Otherwise, after (TickTime_t)0xFFFF FFFFthere is (TickTime_t)0x0000 0000, but after (uint64_t)0x0000 0000 FFFF FFFF there is (uint64_t)0x0000 0001 0000 0000
as for xEventGroupClearBits() calling in env_init() … yes, that is intentional, xEventGroupClearBits() implementation in event_group.c is checking “the user is not attempting to clear the bits used by the kernel itself“, from the eventEVENT_BITS_CONTROL_BYTES macro we can see that the highest byte of EventBits_t (TickType_t) is utilized by the kernel and can’t be used for event bits.
As for env_get_timestamp, this obsolete function is not used in rpmsg_lite and we should think of removing from the rpmsg_lite code. The original intention was to used that for debugging purposes, to get a 64bit hw timer value. Then it has been moved into env. layer and implemented as the os tick timer read. I think the implementation with casting uint32_t to uint64_t is ok. I have also check the app. @jbaum provided and this this function is not used in the app. code and should not be the rootcause.
I am working on getting project provided by @jbaum running on another board that I have and to replicate the issue…
Starting from what @qtprashleigh wrote, I investigated inside what changes when configUSE_16_BIT_TICKSis set to 1.

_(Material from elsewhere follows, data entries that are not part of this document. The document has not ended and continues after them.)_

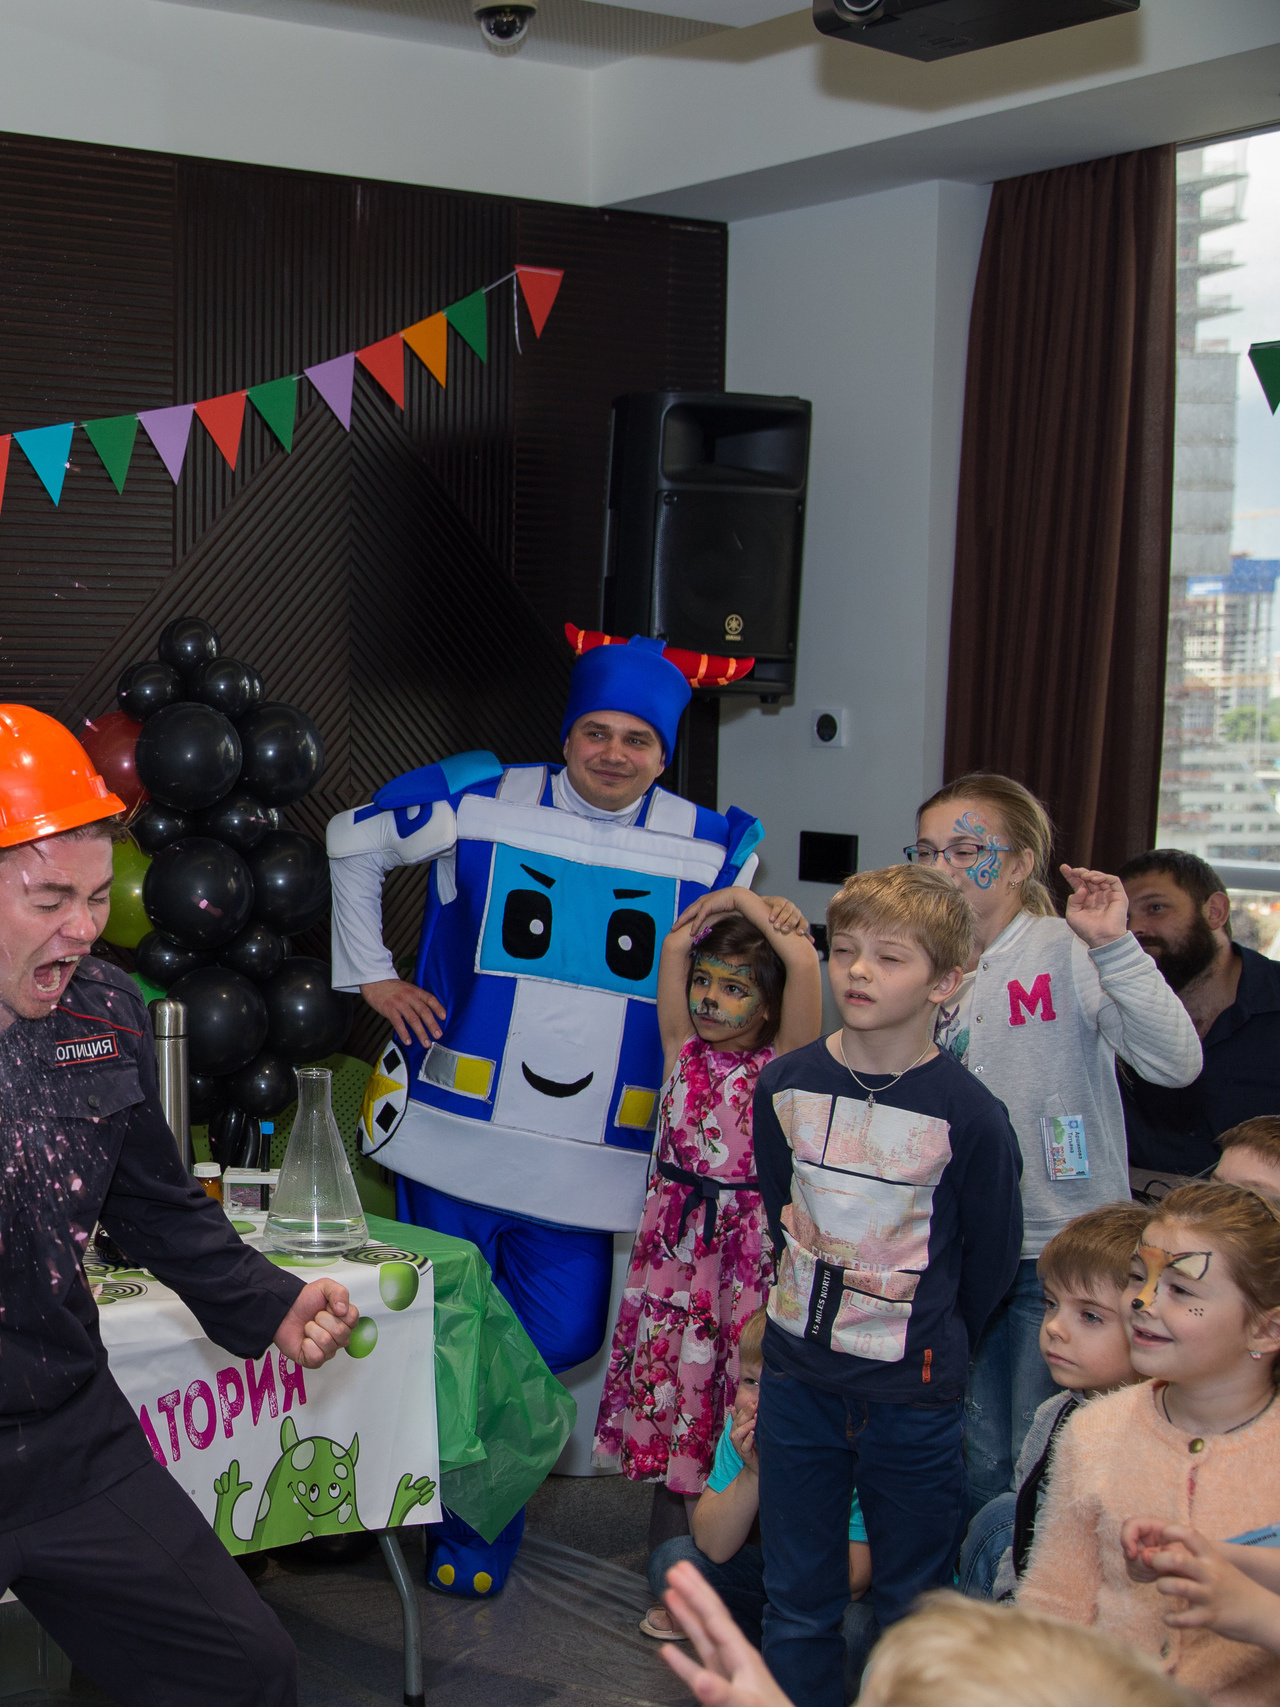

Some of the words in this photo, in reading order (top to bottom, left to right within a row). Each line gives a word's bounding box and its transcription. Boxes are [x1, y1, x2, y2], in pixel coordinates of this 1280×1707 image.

[1006, 972, 1057, 1027] M
[55, 1039, 114, 1061] ОЛИЦИЯ
[820, 1269, 831, 1299] NORTH
[814, 1299, 826, 1324] MILES
[811, 1324, 820, 1335] 15
[852, 1330, 886, 1358] 183
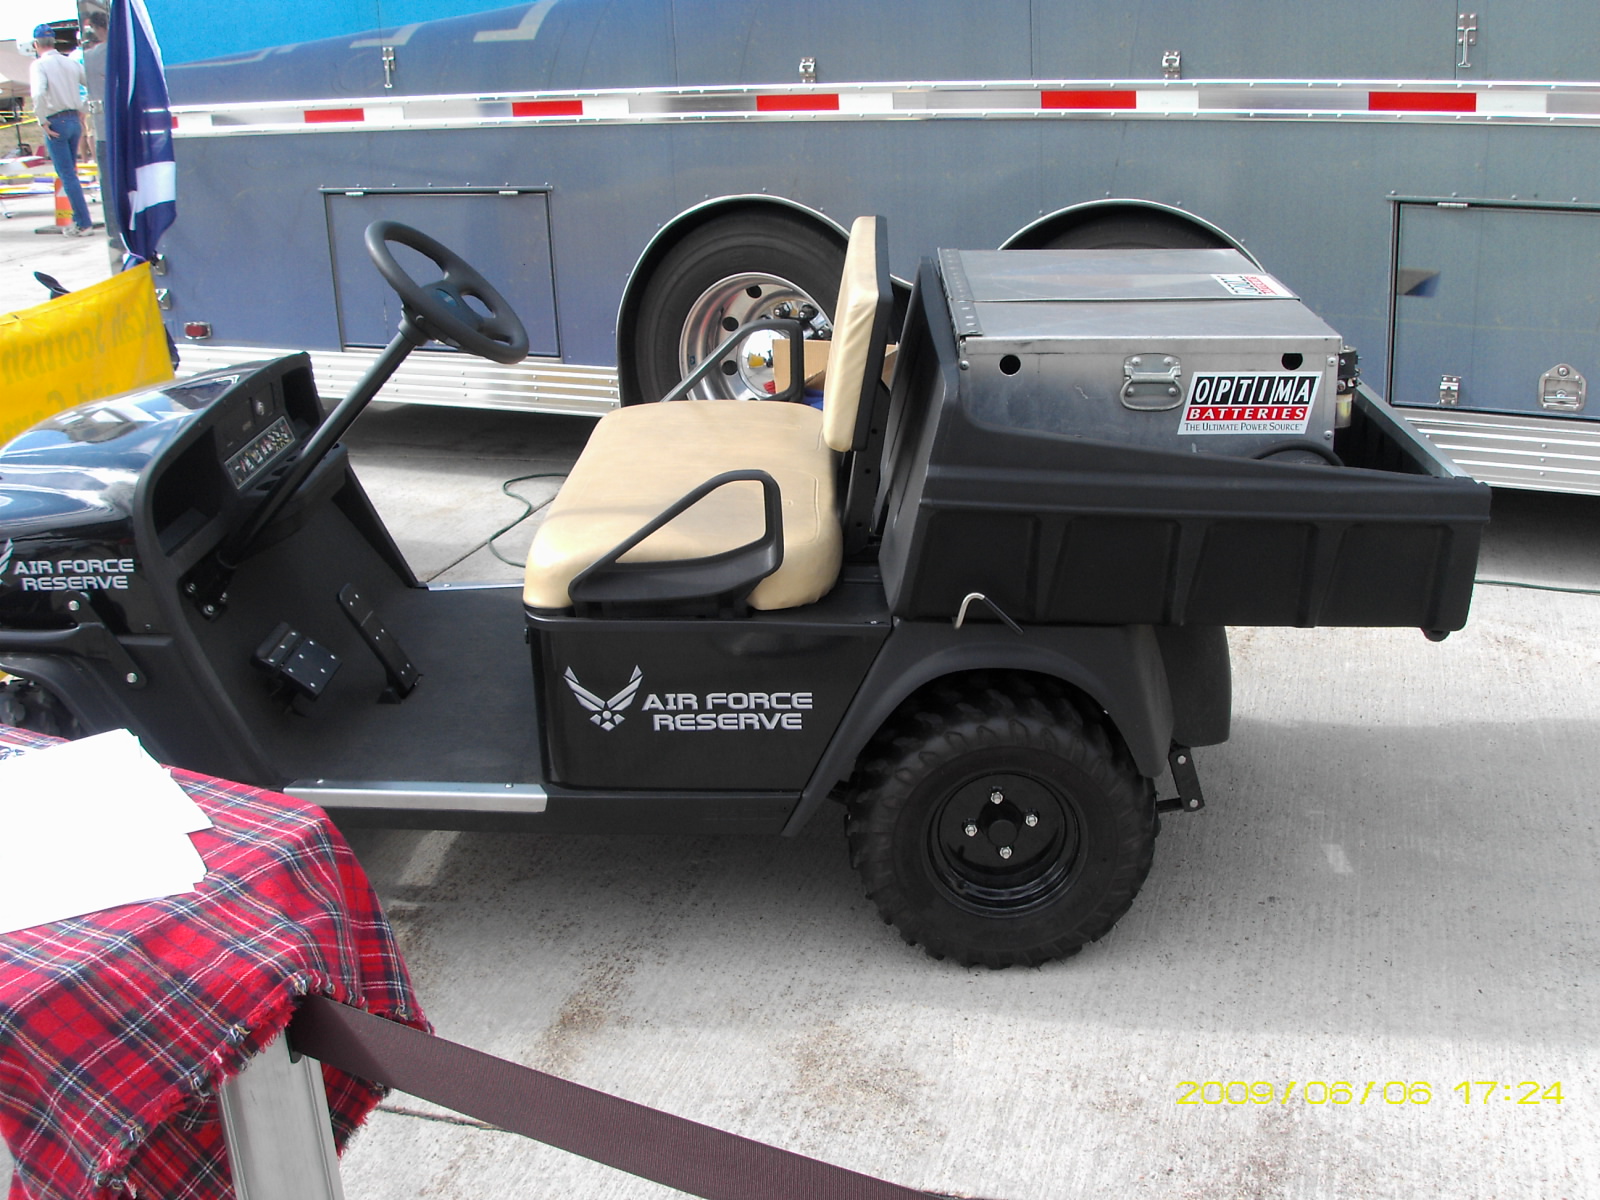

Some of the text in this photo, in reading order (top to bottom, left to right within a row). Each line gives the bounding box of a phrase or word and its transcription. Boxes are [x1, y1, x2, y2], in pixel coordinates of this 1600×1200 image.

Something changes, but it’s not so interesting for the issue IMHO.
But then I see in portmacro.h that
#elif ( configTICK_TYPE_WIDTH_IN_BITS == TICK_TYPE_WIDTH_32_BITS )
typedef uint32_t TickType_t;
#define portMAX_DELAY ( TickType_t ) 0xffffffffUL
/* 32-bit tick type on a 32-bit architecture, so reads of the tick count do
* not need to be guarded with a critical section. */
#define portTICK_TYPE_IS_ATOMIC 1
Is it possible that portTICK_TYPE_IS_ATOMIC set to 1 doesn’t handle in the proper way something?
Because it’s true that M7 for iMX8M-Plus is a 32-bit architecture, but the Cortex-A is 64-bit. And so I don’t know what is atomic and what it’s not.
I’m going to force this to 0 (with configUSE_16_BIT_TICKSset to 0 too - so 32-bit tick) to see what happens to the issue.
One key point is that an Cortex-A processor needs a different port than the Cortex-M7, so will have different a portmacro.h with different definitions.
Sorry for the confusion, but my application is running on Cortex-M7 (not on Cortex-A). I pointed out the Cortex-A because I’m not sure if a “classic” standalone M7 is different from the HMP.
Arm works hard to make anythng marked with a specific architecture follow the architecture rules, so I would be fairly sure that within the M7, it works atomically.
Now, if you share that with another processor, you will need to follow the cache-coherency rules defined by the combination, which is outside of FreeRTOS’s domain except for the SMP ports, but as they are different processors, it can’t be SMP.